Travel Across Over Three Time Zones: Most individuals can adjust quickly to little time zone change say one or two. Three or more may cause progressively detectable symptoms of jet lag.
Flying East: As already stated, traveling from west to east makes travelers “lose” time, and this can be increasingly difficult for adjustment.
Age: Older people may need more time to recover from jet lag.

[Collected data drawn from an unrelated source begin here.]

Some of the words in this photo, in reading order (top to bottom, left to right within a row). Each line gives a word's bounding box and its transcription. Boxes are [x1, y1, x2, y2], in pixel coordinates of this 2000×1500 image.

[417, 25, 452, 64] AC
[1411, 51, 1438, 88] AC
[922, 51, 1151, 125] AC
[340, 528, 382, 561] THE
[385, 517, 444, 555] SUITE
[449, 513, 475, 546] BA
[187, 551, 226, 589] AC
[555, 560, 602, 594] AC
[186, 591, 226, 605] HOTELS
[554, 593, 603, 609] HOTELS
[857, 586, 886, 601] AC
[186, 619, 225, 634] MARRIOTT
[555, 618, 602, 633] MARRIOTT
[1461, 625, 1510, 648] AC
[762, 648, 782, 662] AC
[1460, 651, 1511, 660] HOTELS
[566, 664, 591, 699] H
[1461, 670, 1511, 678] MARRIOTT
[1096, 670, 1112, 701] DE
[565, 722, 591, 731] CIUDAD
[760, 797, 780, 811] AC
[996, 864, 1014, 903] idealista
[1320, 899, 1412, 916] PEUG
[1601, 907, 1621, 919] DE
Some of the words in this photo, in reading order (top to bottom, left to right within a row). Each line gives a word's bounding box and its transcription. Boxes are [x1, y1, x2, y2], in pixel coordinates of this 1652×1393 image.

Frequent Travel: Pilots, airline stewards, and successive business travelers who are always in various time zones may experience difficulty adjusting.
Previous Conditions: Preexisting lack of sleep, stress, and poor sleep habits preceding travel can intensify jet lag symptoms.
Flight Conditions: Immobility, cramped seating d seating, foods taken in airplanes, altitude, and cabin pressure all tend to impact jet lag symptoms.
Alcohol Use: Over-consumption of alcohol during long flights can also compound the symptoms of jet lag.